Veröffentlicht am 10.04.2012 23:48:46 GMT+02:00
Llewellyn709 meint:
Deine Empfehlung kostet unterm Strich mindestens 2600¤ und überschreitet das Budget damit um 1100¤. Du bist nicht zufällig Politiker? :)

Veröffentlicht am 11.04.2012 00:07:03 GMT+02:00
Zuletzt vom Autor geändert am 11.04.2012 00:10:18 GMT+02:00
Bilbo Beutlin meint:
Dann 550 D und das

Canon EF 70-200mm 1:4,0L IS USM Objektiv (67 mm Filtergewinde)

oder das

Tamron AF 70-300mm 4-5.6 Di SP VC USD digitales Objektiv für Canon für den schmalen Taler. Beides super Kombis für entsprechende Tierfotos.

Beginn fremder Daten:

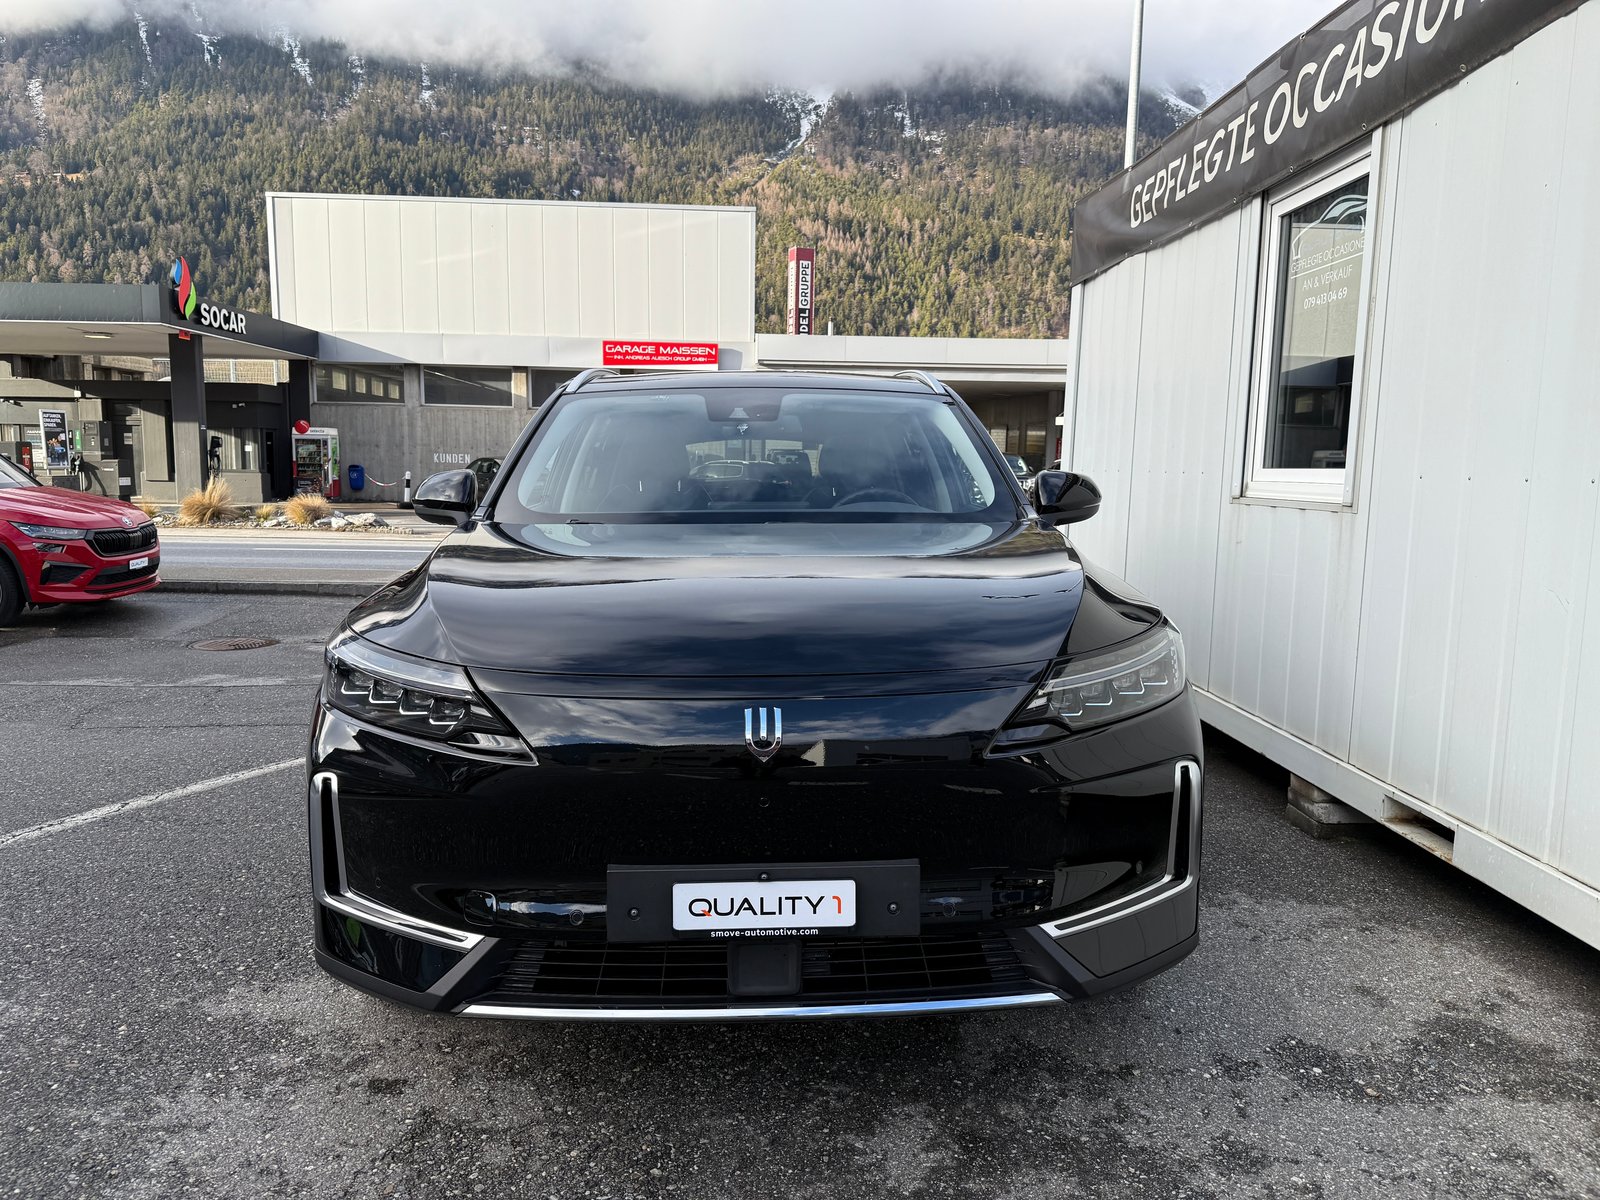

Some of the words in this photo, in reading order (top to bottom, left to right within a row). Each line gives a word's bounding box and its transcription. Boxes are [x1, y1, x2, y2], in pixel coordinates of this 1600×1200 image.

[1130, 101, 1259, 228] GEPFLEGTE
[1263, 0, 1485, 145] OCCASIO
[1291, 252, 1323, 272] GEPFLEGTE
[800, 262, 810, 307] GRUPPE
[1303, 278, 1313, 290] AN
[1313, 276, 1320, 288] &
[1321, 265, 1353, 284] VERKAUF
[1304, 297, 1316, 309] 079
[1316, 293, 1327, 305] 413
[1328, 290, 1337, 302] 04
[1338, 287, 1348, 299] 69
[200, 302, 246, 335] SOCAR
[605, 344, 656, 354] GARAGE
[660, 346, 716, 356] MAISSEN
[433, 453, 471, 464] KUNDEN
[688, 895, 825, 917] QUALITY
[832, 895, 842, 914] 1
[710, 928, 819, 938] smove-automotive.com
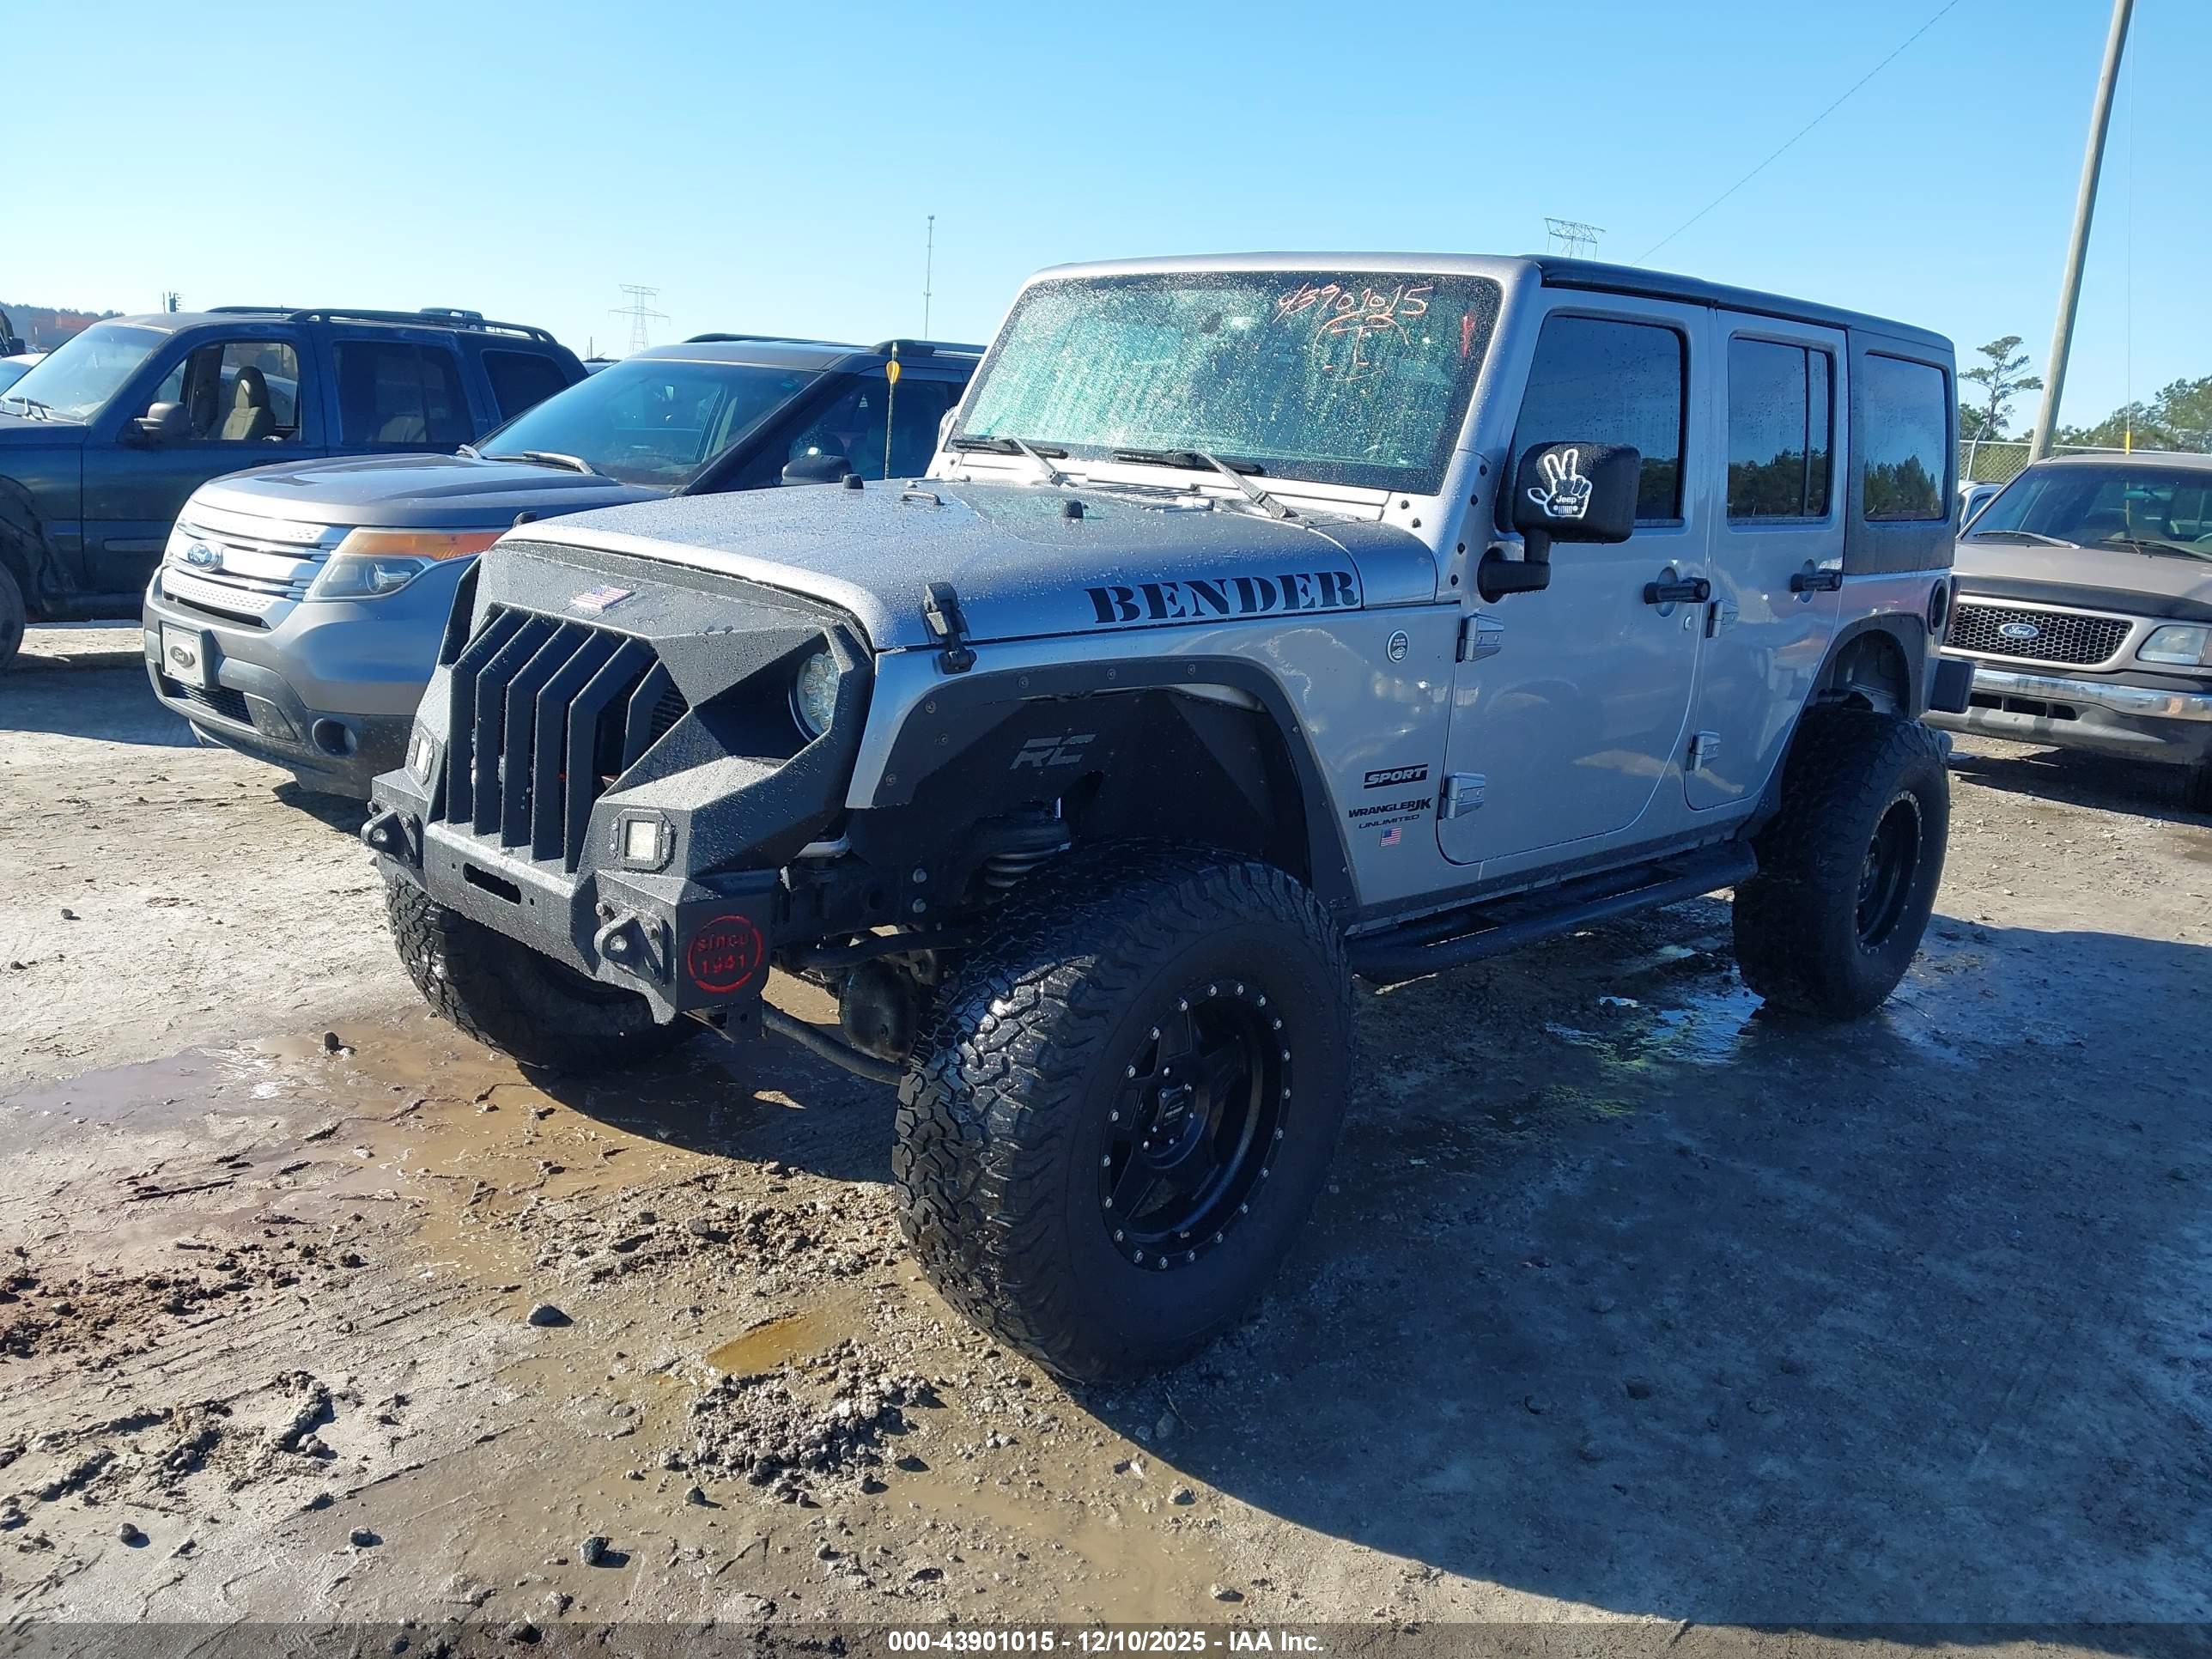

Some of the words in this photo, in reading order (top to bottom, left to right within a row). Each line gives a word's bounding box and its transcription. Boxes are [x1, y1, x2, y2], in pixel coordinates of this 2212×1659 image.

Veröffentlicht am 11.04.2012 01:06:34 GMT+02:00
Llewellyn709 meint:
Beide Objektive sind zu lichtschwach. Da möglichst kurze Verschlußzeiten gefragt sind, eher das 70-200 2.8 L ohne IS - wenns schon unbedingt Canon sein muß. Aber andere Hersteller machen ebensogute Kameras.
O.g. Variante mit dem Sigma hätte den Vorteil eines Stabilisators für die Dämmerung.

Veröffentlicht am 11.04.2012 11:44:16 GMT+02:00
Zuletzt vom Autor geändert am 19.04.2012 20:11:00 GMT+02:00
enmbf meint:
Sigma AF 150-500mm 5.0-6.3 DG APO HSM OS, gibts für alle kameras,
um die 850 ¤,
da bleibt genug für ein gehäuse deiner wahl.
ich selber würd ja die eos 60d nehmen,
liegt dann aber schon leicht über dem budget. (ebenfalls um die 850)
oder die nikon d90, dann kommts wieder hin, die wird im moment sehr günstig angeboten.

kuckst du im dslr-forum.de ob du was gebrauchtes günstig kriegst.
die 600d hat den gleichen sensor wie die 60d, ist günstiger und dürfte in vielem das gleiche leisten.

oder, such dir selber was aus:

http://www.kenrockwell.com/canon/lenses/index.htm

http://www.kenrockwell.com/nikon/nikkor.htm

http://www.photozone.de/all-tests

gruss enmbf

Veröffentlicht am 11.04.2012 13:26:36 GMT+02:00
Tierfotografie - Aufnahmen im Freien -Dämmerung - sehr schnelle Verschlusszeit - wenig Blitz - Tele - im Preissektor bis 1500,-

Um es einfach zu beantworten:

Tierfotografie bedingt, mit der Ausnahme von Insekten ;)), immer Tele. Im Telebereich kannst du im Normalfall auch den Blitz vergessen aufgrund der Entfernung zum Objekt (Fluchtdistanz).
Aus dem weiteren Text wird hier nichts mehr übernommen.